** Opening RECORDS FOR THIS TASK block **

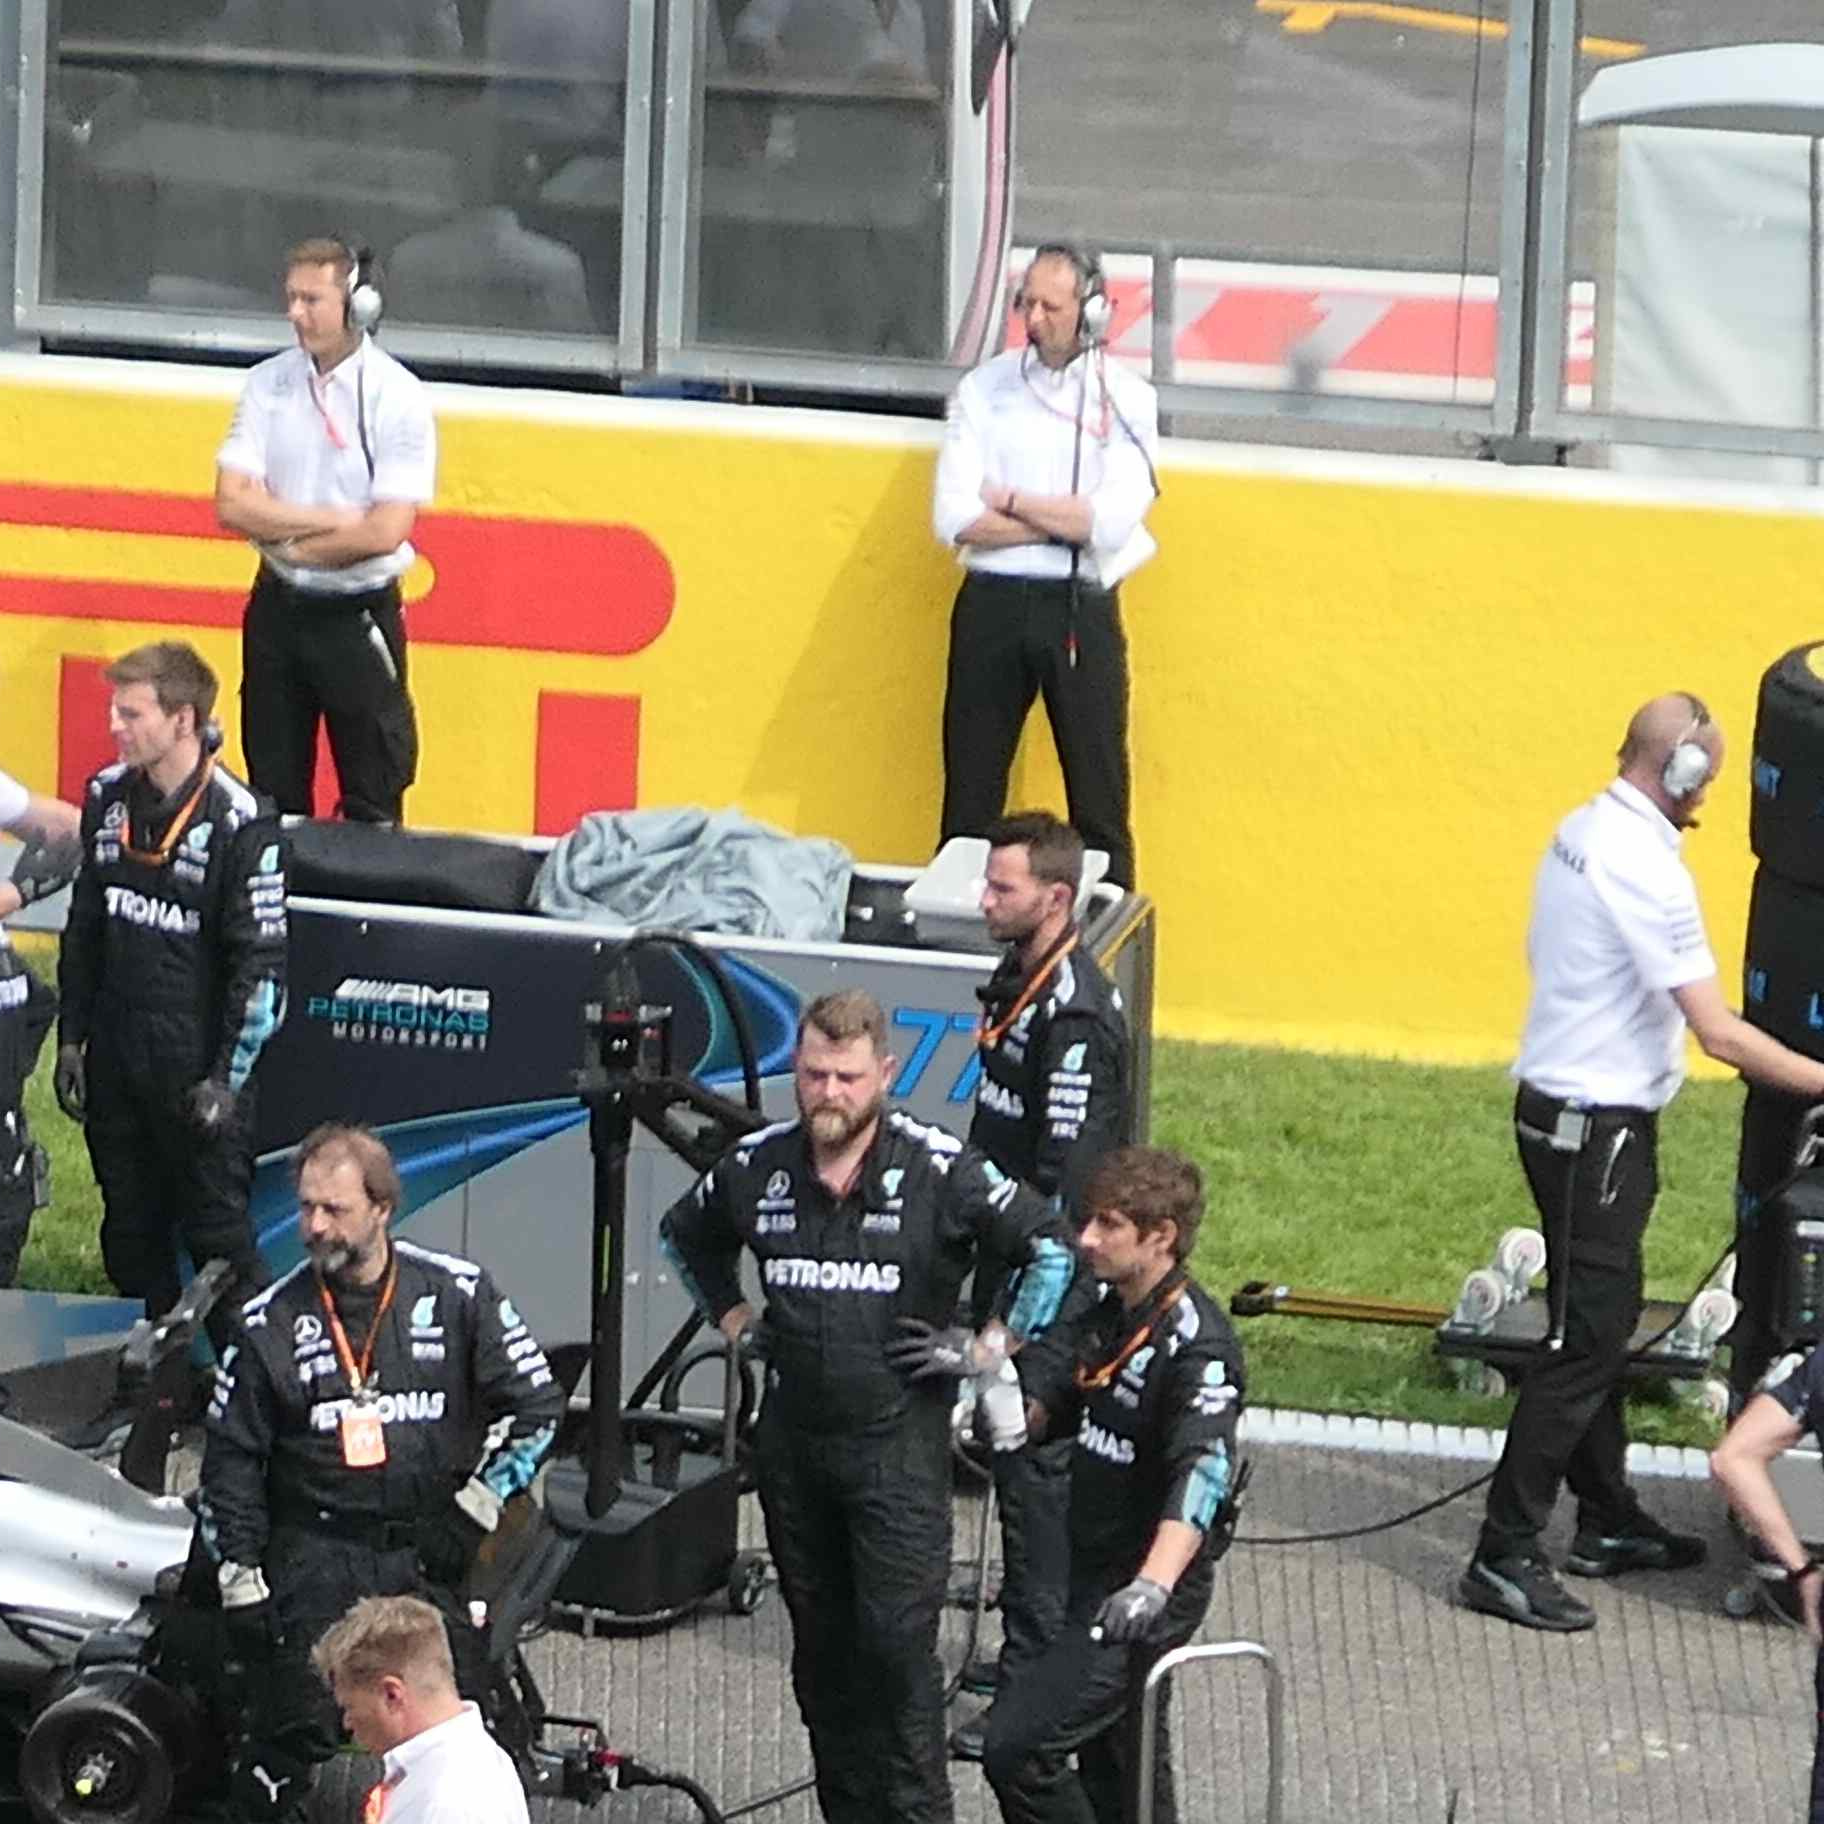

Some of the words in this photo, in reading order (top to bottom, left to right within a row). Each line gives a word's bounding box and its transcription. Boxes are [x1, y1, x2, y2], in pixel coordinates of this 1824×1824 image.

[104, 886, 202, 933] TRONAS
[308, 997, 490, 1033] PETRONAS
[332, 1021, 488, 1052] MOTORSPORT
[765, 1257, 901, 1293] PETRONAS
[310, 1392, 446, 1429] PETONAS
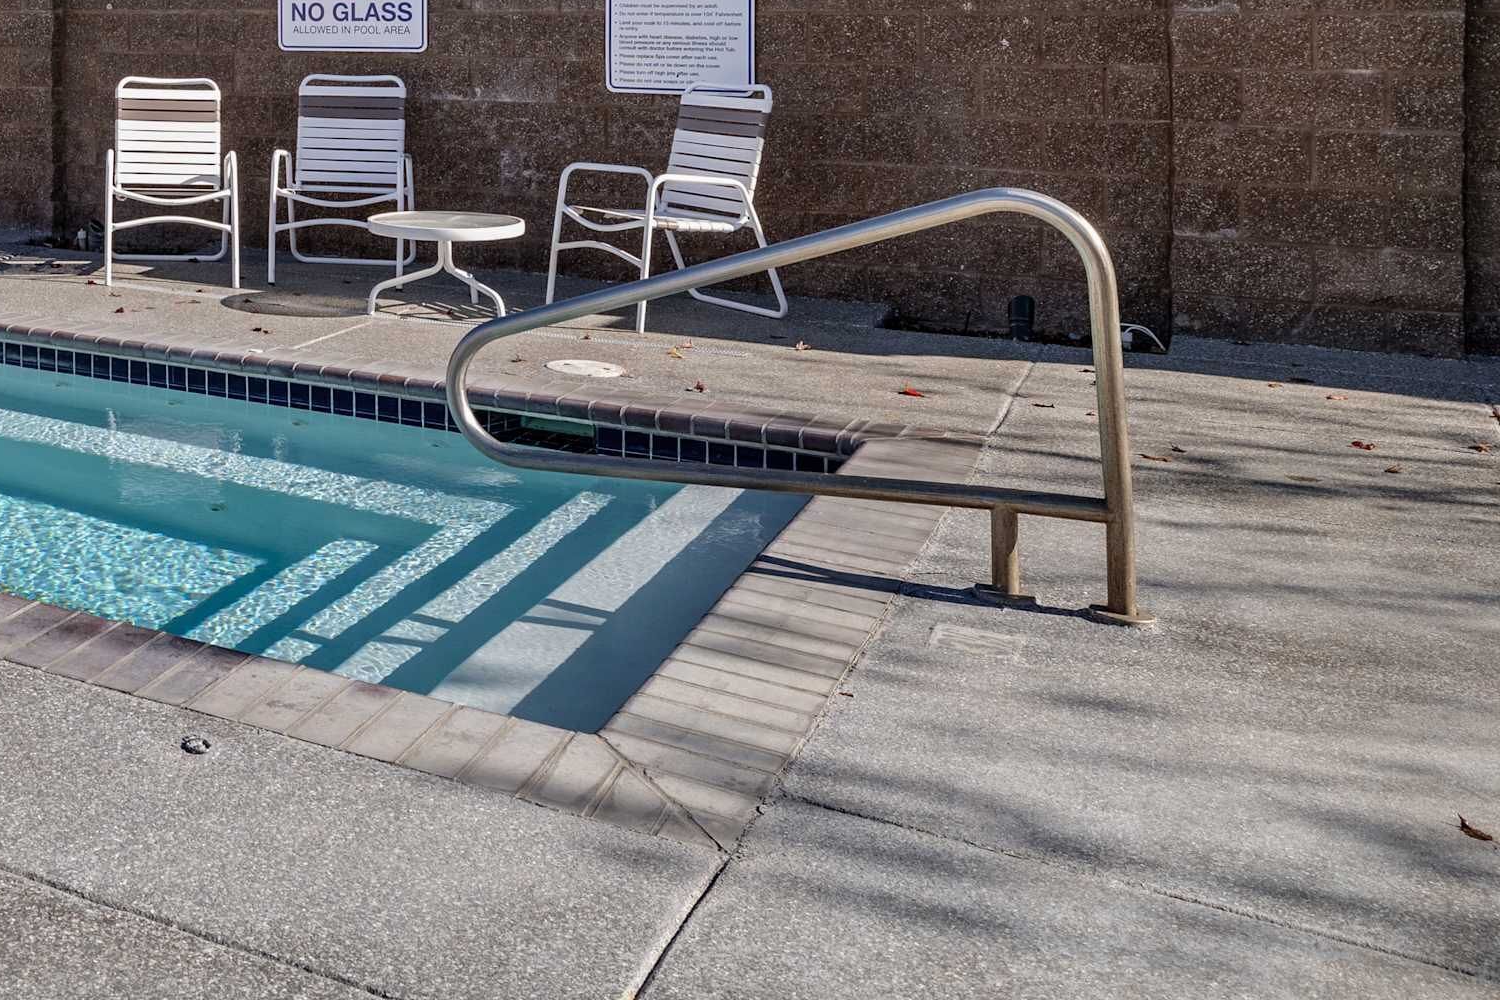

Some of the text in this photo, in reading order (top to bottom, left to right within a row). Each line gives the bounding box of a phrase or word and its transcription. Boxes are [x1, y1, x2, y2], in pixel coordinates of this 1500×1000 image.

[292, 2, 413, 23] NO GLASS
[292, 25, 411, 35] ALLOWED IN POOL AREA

** Closing RECORDS FOR THIS TASK block **

§ **WHAT IS NEEDED**:
The records above are to be set down exactly as written, with no images.

§ **RESPONSE AREA**:
Some of the words in this photo, in reading order (top to bottom, left to right within a row). Each line gives a word's bounding box and its transcription. Boxes are [x1, y1, x2, y2], in pixel coordinates of this 1824×1824 image.

[104, 886, 202, 933] TRONAS
[308, 997, 490, 1033] PETRONAS
[332, 1021, 488, 1052] MOTORSPORT
[765, 1257, 901, 1293] PETRONAS
[310, 1392, 446, 1429] PETONAS

Some of the text in this photo, in reading order (top to bottom, left to right within a row). Each line gives the bounding box of a phrase or word and its transcription. Boxes are [x1, y1, x2, y2], in pixel coordinates of this 1500×1000 image.

[292, 2, 413, 23] NO GLASS
[292, 25, 411, 35] ALLOWED IN POOL AREA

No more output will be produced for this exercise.